TASK BRIEF → Nothing but the exact lines from the one containing "this 1600×1600 image." through the last line of the records below belongs in your answer.

Segment Start: MATERIAL FOR THE TASK

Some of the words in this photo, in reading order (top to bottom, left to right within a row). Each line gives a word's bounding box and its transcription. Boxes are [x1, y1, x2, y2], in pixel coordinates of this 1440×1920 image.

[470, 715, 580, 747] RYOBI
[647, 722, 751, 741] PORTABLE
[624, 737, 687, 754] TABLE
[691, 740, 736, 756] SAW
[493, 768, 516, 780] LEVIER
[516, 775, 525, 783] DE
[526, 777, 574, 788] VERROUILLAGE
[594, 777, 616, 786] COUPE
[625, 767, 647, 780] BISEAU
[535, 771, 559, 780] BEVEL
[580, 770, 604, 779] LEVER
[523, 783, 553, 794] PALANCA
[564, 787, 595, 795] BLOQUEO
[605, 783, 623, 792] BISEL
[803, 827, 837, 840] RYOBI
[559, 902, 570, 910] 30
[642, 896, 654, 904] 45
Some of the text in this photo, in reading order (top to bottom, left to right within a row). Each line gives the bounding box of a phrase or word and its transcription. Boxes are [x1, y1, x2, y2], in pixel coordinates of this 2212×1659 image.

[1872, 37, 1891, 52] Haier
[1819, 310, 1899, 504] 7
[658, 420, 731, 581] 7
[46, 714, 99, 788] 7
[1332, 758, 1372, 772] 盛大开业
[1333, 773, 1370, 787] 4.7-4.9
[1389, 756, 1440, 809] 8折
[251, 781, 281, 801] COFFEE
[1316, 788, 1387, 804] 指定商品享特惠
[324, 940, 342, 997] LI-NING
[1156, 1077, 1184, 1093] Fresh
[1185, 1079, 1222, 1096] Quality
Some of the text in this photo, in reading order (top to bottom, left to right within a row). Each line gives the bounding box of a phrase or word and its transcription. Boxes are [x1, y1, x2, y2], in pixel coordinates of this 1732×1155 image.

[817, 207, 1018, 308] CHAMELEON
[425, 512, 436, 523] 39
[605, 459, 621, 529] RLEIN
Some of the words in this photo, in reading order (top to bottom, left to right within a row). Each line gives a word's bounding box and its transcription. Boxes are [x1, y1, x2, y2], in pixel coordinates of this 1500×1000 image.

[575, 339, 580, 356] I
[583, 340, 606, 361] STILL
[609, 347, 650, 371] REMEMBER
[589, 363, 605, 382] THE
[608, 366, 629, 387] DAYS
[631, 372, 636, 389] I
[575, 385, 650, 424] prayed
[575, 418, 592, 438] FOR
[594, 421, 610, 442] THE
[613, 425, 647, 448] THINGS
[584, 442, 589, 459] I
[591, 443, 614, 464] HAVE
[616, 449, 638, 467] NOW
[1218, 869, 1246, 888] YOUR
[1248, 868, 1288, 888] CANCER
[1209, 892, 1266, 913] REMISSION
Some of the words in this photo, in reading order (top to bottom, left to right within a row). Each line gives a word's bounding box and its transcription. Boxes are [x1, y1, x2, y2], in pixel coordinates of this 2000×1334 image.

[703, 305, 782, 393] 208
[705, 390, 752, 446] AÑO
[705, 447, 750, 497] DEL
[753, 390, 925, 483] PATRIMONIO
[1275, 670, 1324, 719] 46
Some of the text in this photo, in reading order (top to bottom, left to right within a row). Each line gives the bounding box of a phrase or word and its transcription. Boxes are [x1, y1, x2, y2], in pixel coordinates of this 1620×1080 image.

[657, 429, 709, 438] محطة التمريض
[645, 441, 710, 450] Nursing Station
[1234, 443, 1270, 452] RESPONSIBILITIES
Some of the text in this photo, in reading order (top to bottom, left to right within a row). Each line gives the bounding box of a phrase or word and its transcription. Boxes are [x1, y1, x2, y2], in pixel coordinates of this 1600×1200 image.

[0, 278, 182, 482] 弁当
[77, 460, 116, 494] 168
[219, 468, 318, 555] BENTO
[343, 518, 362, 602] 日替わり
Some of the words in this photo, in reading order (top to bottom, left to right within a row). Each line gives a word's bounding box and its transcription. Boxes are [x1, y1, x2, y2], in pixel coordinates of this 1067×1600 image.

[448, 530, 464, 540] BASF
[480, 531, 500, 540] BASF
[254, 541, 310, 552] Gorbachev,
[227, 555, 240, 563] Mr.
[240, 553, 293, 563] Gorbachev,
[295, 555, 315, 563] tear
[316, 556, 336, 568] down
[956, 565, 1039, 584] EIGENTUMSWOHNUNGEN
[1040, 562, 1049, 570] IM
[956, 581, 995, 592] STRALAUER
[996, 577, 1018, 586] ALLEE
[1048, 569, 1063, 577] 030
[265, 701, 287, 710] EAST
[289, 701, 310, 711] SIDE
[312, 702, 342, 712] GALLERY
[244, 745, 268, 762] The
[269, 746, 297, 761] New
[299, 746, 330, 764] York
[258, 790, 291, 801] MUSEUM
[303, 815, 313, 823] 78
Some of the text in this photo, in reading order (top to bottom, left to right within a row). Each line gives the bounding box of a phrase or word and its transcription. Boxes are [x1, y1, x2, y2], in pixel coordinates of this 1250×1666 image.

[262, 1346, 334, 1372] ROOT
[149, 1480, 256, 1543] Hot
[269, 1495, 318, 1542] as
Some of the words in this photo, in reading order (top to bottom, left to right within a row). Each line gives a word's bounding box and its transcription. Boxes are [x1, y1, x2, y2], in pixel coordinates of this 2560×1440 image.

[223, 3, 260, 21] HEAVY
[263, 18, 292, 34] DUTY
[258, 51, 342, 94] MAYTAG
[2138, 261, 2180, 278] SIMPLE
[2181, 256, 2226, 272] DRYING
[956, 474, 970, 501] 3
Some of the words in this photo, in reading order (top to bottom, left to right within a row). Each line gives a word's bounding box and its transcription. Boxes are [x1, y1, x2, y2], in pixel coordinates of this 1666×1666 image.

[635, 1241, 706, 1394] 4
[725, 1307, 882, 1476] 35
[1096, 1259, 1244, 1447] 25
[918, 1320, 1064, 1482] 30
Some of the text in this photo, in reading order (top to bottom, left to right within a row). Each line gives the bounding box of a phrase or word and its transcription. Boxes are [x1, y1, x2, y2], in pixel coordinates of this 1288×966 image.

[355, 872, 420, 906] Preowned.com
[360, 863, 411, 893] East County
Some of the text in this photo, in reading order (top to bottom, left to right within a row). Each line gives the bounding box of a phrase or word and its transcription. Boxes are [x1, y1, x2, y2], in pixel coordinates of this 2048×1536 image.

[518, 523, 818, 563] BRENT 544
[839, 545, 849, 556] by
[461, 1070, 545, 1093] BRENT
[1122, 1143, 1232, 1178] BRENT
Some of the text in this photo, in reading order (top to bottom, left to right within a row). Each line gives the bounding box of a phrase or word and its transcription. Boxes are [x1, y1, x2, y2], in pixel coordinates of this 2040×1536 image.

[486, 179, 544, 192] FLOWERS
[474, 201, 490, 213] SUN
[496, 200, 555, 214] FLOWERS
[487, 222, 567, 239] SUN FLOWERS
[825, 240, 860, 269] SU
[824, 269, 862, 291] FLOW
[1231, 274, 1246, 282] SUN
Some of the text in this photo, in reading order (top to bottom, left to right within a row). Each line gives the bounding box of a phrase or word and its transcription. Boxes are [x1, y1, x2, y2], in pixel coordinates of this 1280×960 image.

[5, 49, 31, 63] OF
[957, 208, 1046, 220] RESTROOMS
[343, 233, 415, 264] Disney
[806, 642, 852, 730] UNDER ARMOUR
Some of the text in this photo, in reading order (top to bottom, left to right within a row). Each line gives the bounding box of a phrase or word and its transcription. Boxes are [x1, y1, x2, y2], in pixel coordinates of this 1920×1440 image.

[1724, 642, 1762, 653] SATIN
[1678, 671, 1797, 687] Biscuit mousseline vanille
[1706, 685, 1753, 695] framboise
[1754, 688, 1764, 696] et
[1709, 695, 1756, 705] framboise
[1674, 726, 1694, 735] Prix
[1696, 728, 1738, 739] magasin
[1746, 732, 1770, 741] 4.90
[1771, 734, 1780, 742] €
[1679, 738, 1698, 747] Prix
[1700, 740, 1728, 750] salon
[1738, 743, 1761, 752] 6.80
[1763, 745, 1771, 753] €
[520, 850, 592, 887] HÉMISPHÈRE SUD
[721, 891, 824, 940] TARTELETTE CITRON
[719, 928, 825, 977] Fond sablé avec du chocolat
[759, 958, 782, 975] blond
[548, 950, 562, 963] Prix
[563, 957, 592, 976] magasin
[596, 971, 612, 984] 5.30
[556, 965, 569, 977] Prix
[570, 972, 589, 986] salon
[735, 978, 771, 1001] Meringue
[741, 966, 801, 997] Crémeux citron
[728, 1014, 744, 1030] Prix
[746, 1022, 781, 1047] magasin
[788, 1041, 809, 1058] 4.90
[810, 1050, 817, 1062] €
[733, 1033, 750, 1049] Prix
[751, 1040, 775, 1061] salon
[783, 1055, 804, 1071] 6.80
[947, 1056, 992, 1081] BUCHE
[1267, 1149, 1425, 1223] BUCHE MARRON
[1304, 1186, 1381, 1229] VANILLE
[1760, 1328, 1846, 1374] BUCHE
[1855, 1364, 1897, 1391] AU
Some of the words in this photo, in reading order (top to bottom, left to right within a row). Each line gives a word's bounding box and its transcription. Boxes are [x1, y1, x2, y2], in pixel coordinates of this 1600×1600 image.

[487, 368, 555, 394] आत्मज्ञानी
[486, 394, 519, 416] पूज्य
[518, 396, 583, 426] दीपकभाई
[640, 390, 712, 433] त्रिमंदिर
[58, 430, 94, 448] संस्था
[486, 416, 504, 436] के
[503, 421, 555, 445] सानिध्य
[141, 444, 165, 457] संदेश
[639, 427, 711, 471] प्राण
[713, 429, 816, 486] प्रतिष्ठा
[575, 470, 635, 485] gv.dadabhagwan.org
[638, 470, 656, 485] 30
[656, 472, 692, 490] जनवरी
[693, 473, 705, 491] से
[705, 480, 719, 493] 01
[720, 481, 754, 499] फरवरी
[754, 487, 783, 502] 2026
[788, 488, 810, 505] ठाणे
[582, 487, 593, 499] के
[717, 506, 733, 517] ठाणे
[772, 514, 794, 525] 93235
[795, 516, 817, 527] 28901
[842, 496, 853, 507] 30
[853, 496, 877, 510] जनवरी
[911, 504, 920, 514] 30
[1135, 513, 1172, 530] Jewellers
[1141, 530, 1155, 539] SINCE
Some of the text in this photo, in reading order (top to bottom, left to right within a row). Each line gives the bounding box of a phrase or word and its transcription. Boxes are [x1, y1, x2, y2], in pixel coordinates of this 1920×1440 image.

Segment End: MATERIAL FOR THE TASK

OUTPUT FOR THIS EXERCISE →
Some of the words in this photo, in reading order (top to bottom, left to right within a row). Each line gives a word's bounding box and its transcription. Boxes are [x1, y1, x2, y2], in pixel coordinates of this 1600×1600 image.

[487, 368, 555, 394] आत्मज्ञानी
[486, 394, 519, 416] पूज्य
[518, 396, 583, 426] दीपकभाई
[640, 390, 712, 433] त्रिमंदिर
[58, 430, 94, 448] संस्था
[486, 416, 504, 436] के
[503, 421, 555, 445] सानिध्य
[141, 444, 165, 457] संदेश
[639, 427, 711, 471] प्राण
[713, 429, 816, 486] प्रतिष्ठा
[575, 470, 635, 485] gv.dadabhagwan.org
[638, 470, 656, 485] 30
[656, 472, 692, 490] जनवरी
[693, 473, 705, 491] से
[705, 480, 719, 493] 01
[720, 481, 754, 499] फरवरी
[754, 487, 783, 502] 2026
[788, 488, 810, 505] ठाणे
[582, 487, 593, 499] के
[717, 506, 733, 517] ठाणे
[772, 514, 794, 525] 93235
[795, 516, 817, 527] 28901
[842, 496, 853, 507] 30
[853, 496, 877, 510] जनवरी
[911, 504, 920, 514] 30
[1135, 513, 1172, 530] Jewellers
[1141, 530, 1155, 539] SINCE
Some of the text in this photo, in reading order (top to bottom, left to right within a row). Each line gives the bounding box of a phrase or word and its transcription. Boxes are [x1, y1, x2, y2], in pixel coordinates of this 1920×1440 image.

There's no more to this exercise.